L'économie était touchée dans la plupart des secteurs, le ministère du Tourisme faisant état d'une «chute de 50% à 10% du taux de  fréquentation hôtelière depuis l'épidémie».

La Banque mondiale s'inquiète du «facteur peur» provoqué par Ebola, soulignant que «l'impact économique le plus important de la crise ne résulte pas de ses coûts directs (mortalité, morbidité, soins de santé, pertes des jours de travail) mais de réactions de répulsion alimentées par la peur de la contagion».

«Si le virus continue de se propager dans les trois pays les plus durement affectés, son impact économique pourrait être multiplié par huit, infligeant un choc catastrophique à des États déjà fragiles», indique un rapport de l'institution.

Dans ce scénario catastrophe, la croissance économique chuterait l'année prochaine de 11,7 points de pourcentage au Liberia et de 8,9 points en Sierra Leone, au risque de faire plonger ces deux pays pauvres en récession.

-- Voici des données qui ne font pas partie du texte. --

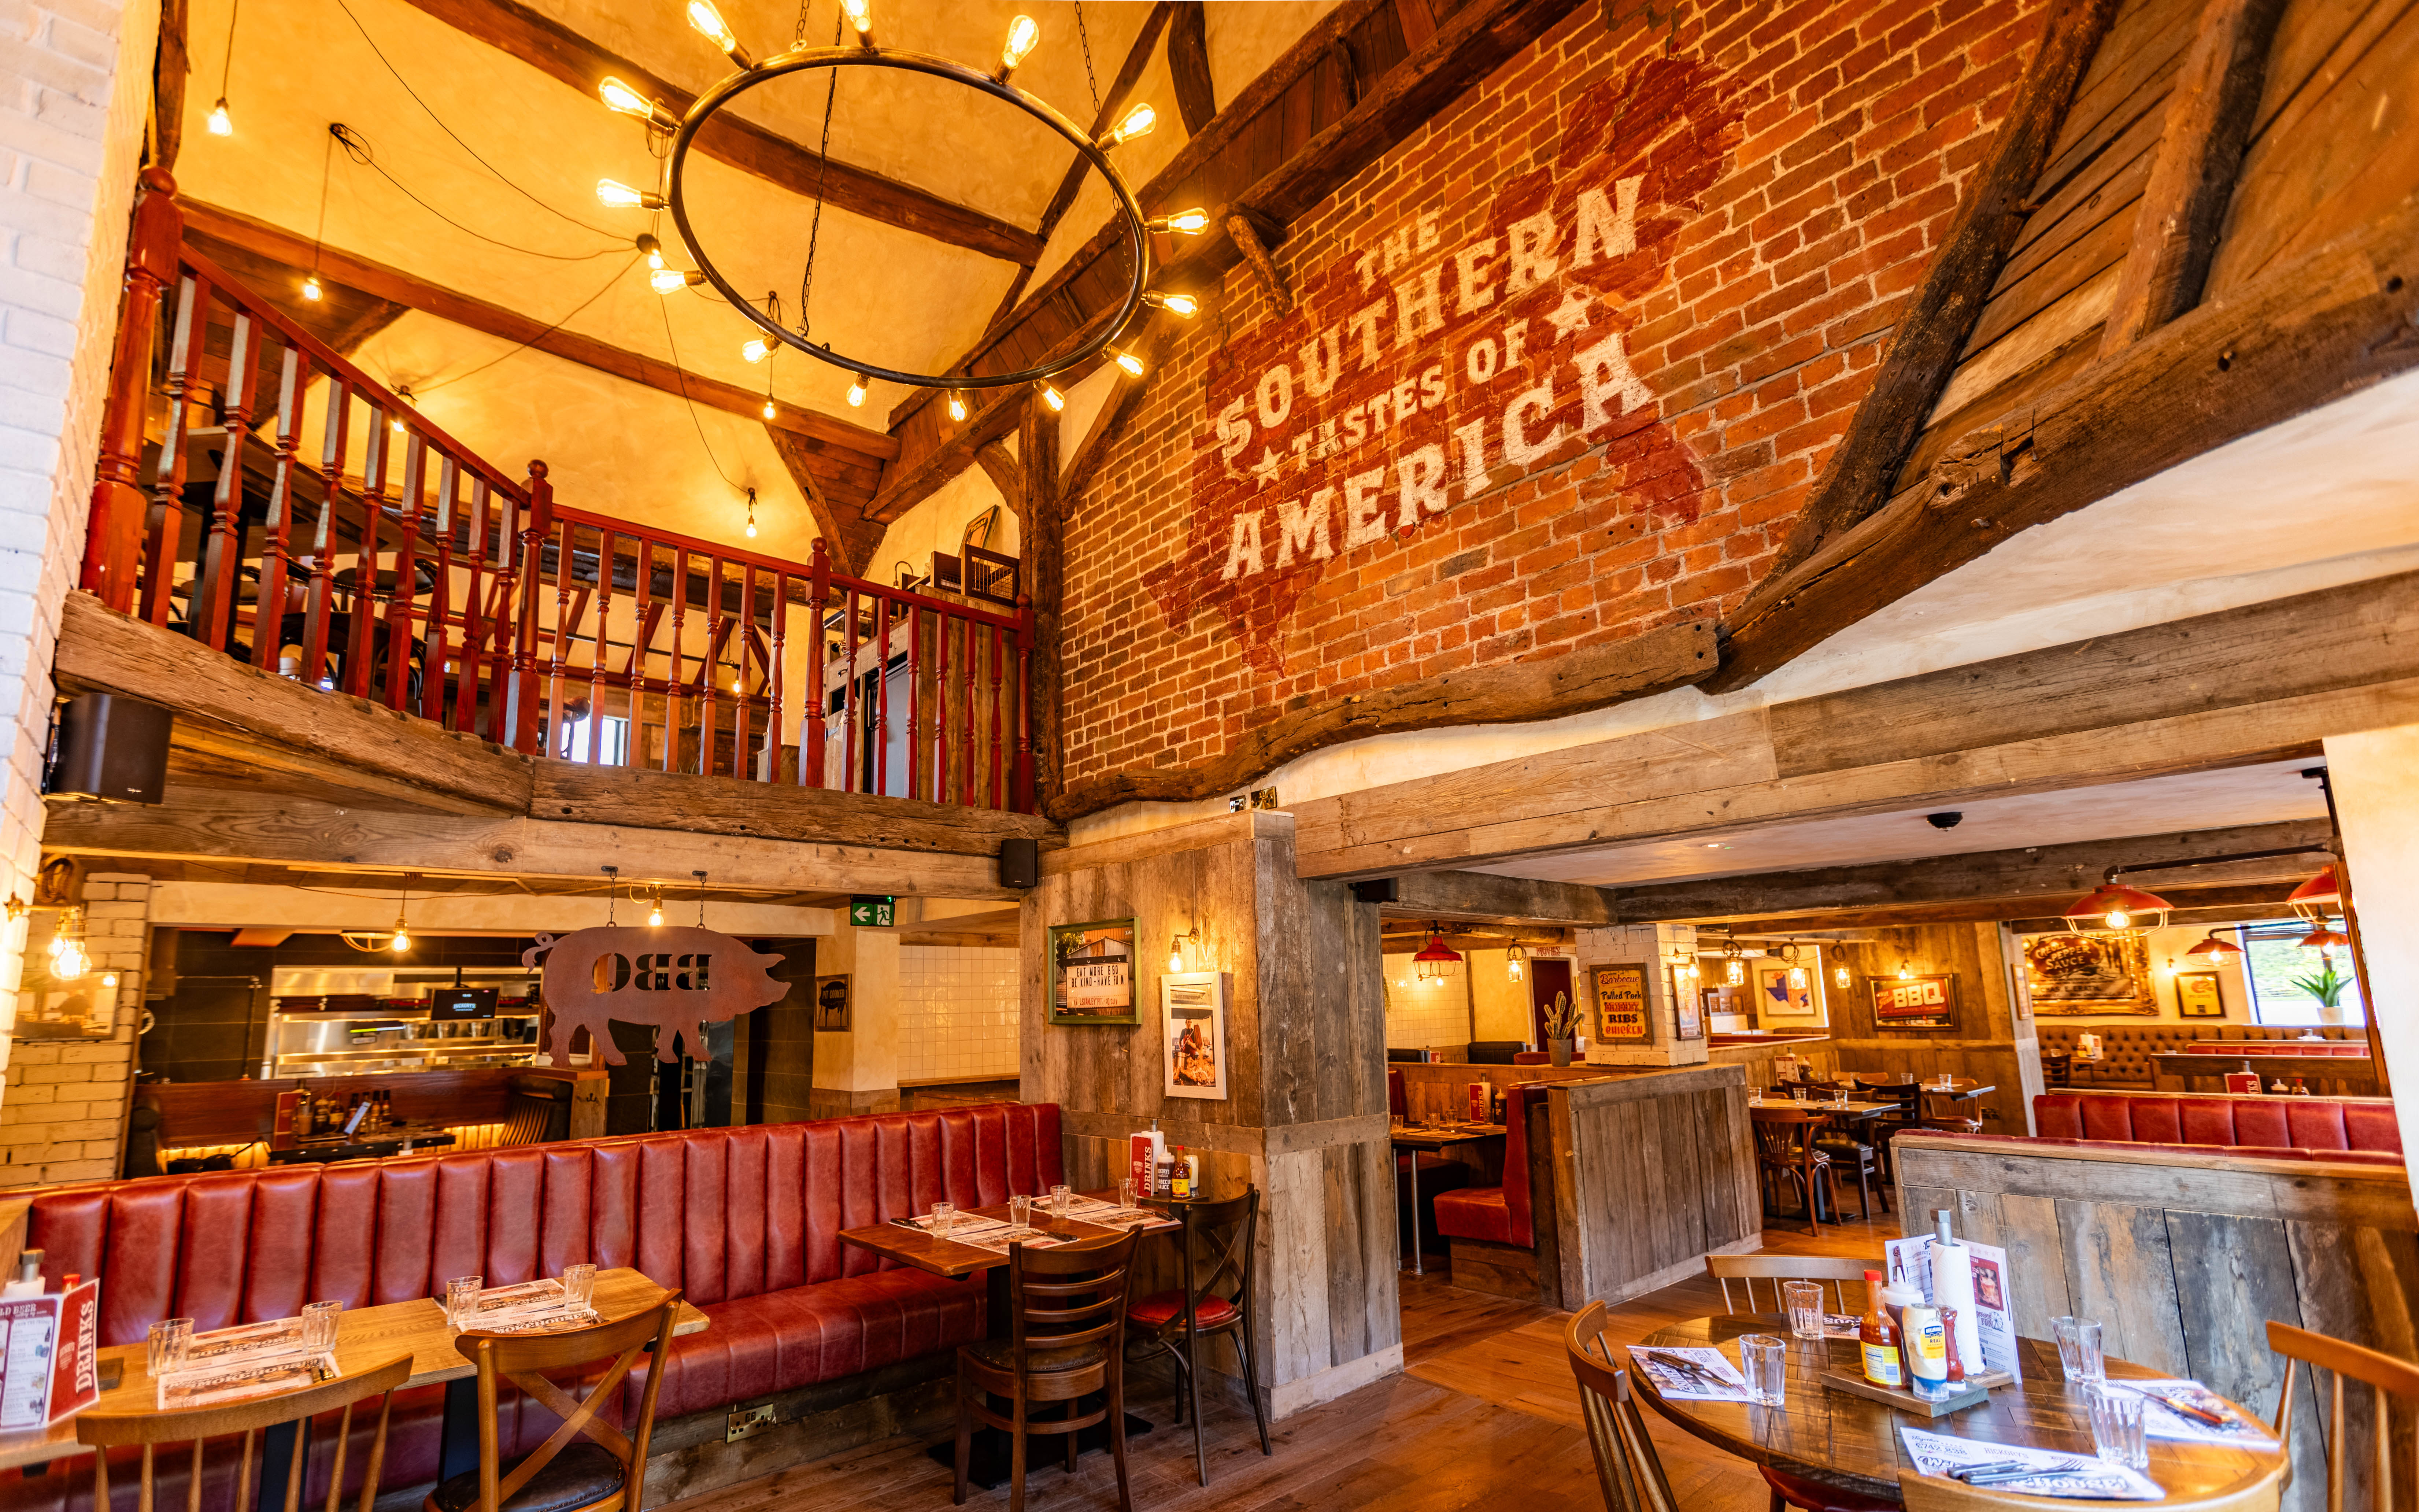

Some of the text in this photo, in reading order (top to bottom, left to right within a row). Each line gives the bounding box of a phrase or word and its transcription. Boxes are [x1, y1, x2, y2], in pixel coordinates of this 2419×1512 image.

Dans ce contexte sombre, la principale lueur d'espoir venait de la recherche médicale, dont les efforts en vue d'un vaccin opérationnel d'ici la fin de l'année, à destination initialement des professionnels de santé, semblaient progresser.

Une équipe de chercheurs de l'université britannique d'Oxford a lancé mercredi un essai clinique sur 60 personnes de ce vaccin également testé aux États-Unis sur une poignée de volontaires, qui n'ont pas présenté de réaction négative.

Selon l'un de ces chercheurs, Edward Wright, de l'Université de Westminster, «le virus se reproduit si rapidement que le corps n'est pas en mesure de générer suffisamment d'anticorps pour bloquer ou inhiber l'infection avant qu'elle ne prenne racine».

«En administrant ce vaccin, nous espérons pouvoir stimuler la production des anticorps avant qu'ils soient infectés, afin qu'ils puissent se défendre», a-t-il expliqué sur la radio BBC.